Reasonable market share does not mean under the hood it’s modern or robust from data interoperability or operation approaches. There’s always fundamentally a problem with how vendors engage with sustainable software procurement. The license for procurement does not cover enhancements and there will always be enhancements, so how does procurement align with local changes. If Cerner decides not to enhance when workflows change in the business, it doesn’t serve both options well, but it’s similar to CAPEX vs OPEX equation on how a platform can operate.
None of these big systems is ‘up to date’ under the hood.
Cerner has a massively denormalized database with between 5k and 10k tables because of their long-term policy of acquiring and bolting on; they can’t fix this.
It’s major competitor Epic works on MUMPS, which was invented pre-Codd and has no concept of normalization at all! As I understand it, they churn every evening, turning the b-trees into something that looks like SQL—with about 16k tables.
Go figure!
Dr Jo
I saw that running in Ireland when I worked there - MUMPs that is - they were using it for vaccinations in Wicklow I think… this was in 2016.
Birmingham’s home grown EHR is also MUMPS based. They really struggle to find developers who can work on it due to it being VERY legacy / niche.

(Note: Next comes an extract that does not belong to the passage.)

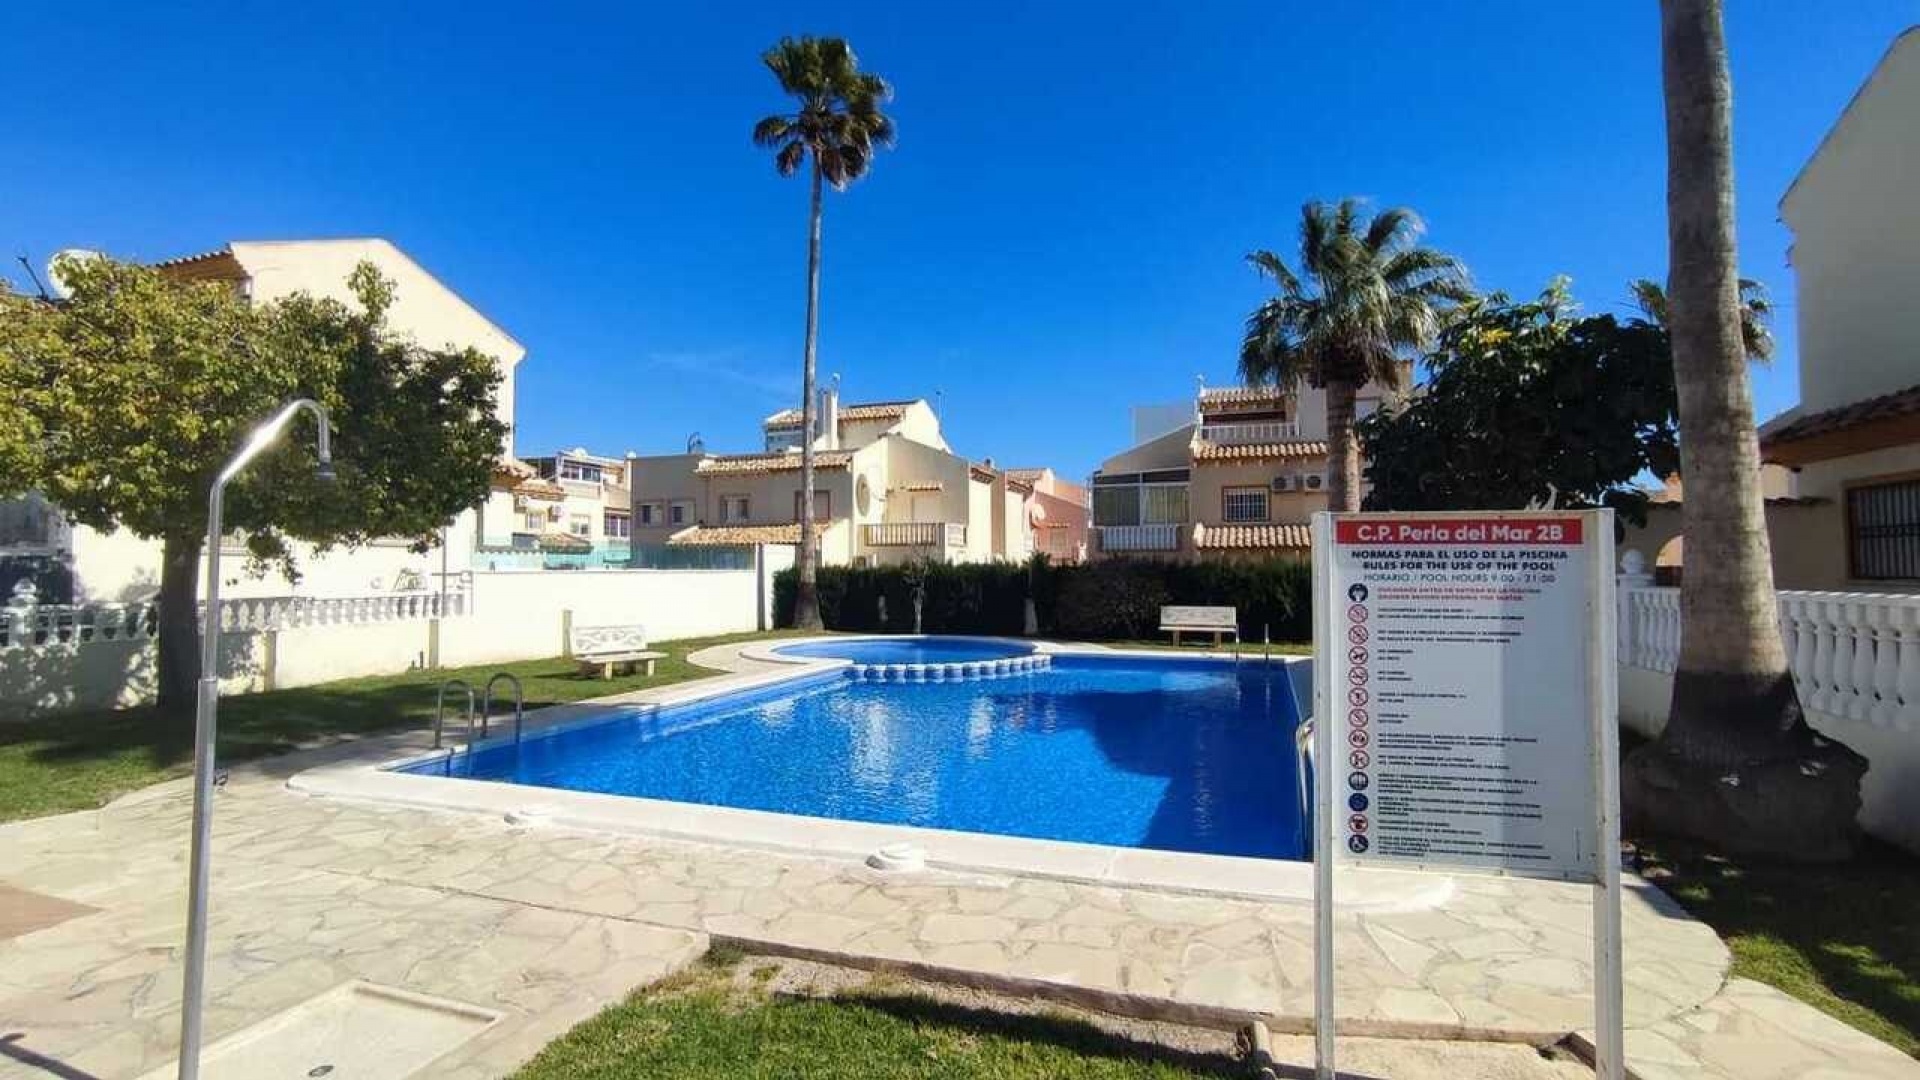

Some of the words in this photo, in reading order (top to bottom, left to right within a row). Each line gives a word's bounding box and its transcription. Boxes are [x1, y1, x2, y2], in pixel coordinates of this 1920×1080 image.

The R&D investment by these companies is significant. It’s a constant race to stay contemporary. EPIC reinvests 50% back into R&D.
From having spent a fair chunk of my career implementing these systems, they are technically as good as the big ERM systems such as SAP. Functionality and feature rich, highly scalable, cloud based, with open API integration. Arguably as strong as banks in terms of robustness, with high availability and reliability to match.

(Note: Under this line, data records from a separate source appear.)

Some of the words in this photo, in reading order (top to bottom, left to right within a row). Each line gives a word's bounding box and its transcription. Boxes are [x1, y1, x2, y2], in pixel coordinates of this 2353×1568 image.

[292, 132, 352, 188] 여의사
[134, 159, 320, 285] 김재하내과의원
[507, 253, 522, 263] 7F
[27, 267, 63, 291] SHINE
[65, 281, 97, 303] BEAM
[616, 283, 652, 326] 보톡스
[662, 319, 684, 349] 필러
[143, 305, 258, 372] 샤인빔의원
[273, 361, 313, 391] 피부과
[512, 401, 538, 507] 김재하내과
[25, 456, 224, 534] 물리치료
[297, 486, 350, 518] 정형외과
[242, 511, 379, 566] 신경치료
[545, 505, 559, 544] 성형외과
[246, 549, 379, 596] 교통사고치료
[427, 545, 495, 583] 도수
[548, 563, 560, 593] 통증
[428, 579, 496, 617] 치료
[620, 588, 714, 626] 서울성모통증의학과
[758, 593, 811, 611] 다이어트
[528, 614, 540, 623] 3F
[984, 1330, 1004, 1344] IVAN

I’ve also not encountered problems in being able to adapt these systems to match clinical workflow. Probably the biggest issue in my experience is the sheer amount of configuration that is required to meet the needs of the different medical disciplines, e.g. ED, Theatres, Outpatients, Community, Renal, Matenity, Oncology, Allied Health etc are all very different, additionally the workflow needed for a large hospital is different to the workflow needed for a small hospital, (resulting in many workflows with hundreds of business rules and many design decisions).
In my experience the technology used is not the limiting factor. As with most tech projects the amount of effort that goes into the planning, design, build, test, transition, and ongoing support are generally the limiting factors, (which is easy to underestimate when you are replacing the core systems used across many disciplines with a single ieMR).
I’m not taking sides here - just saying that there is usually more than one side to this type of story…
Thanks for posting Peter. Having helped design and implement an enterprise grade integrated EMR into multiple hospitals, it is really disappointing when you see lazy uninformed journalism like this. It’s a real disservice to patients and staff, (which that reporter is sure to be at some time).
Another similar example I heard recently was a senior politician saying he would not consider spending public money on enterprise grade EMRs as he had a terrible experience with them when he was working as a doctor. The important bit of context was his experience using an EMR was 20 years ago. It would be like saying I don’t like operating systems because windows 3.1 was lacking in functionality and had a rubbish GUI.
The only good part from the looming heath care spiral, (recent report for Australian Parliament says 46% of the workforce will need to be working in health care by 2050), will necessitate leveraging technology as opposed to just throwing more resources at the front line.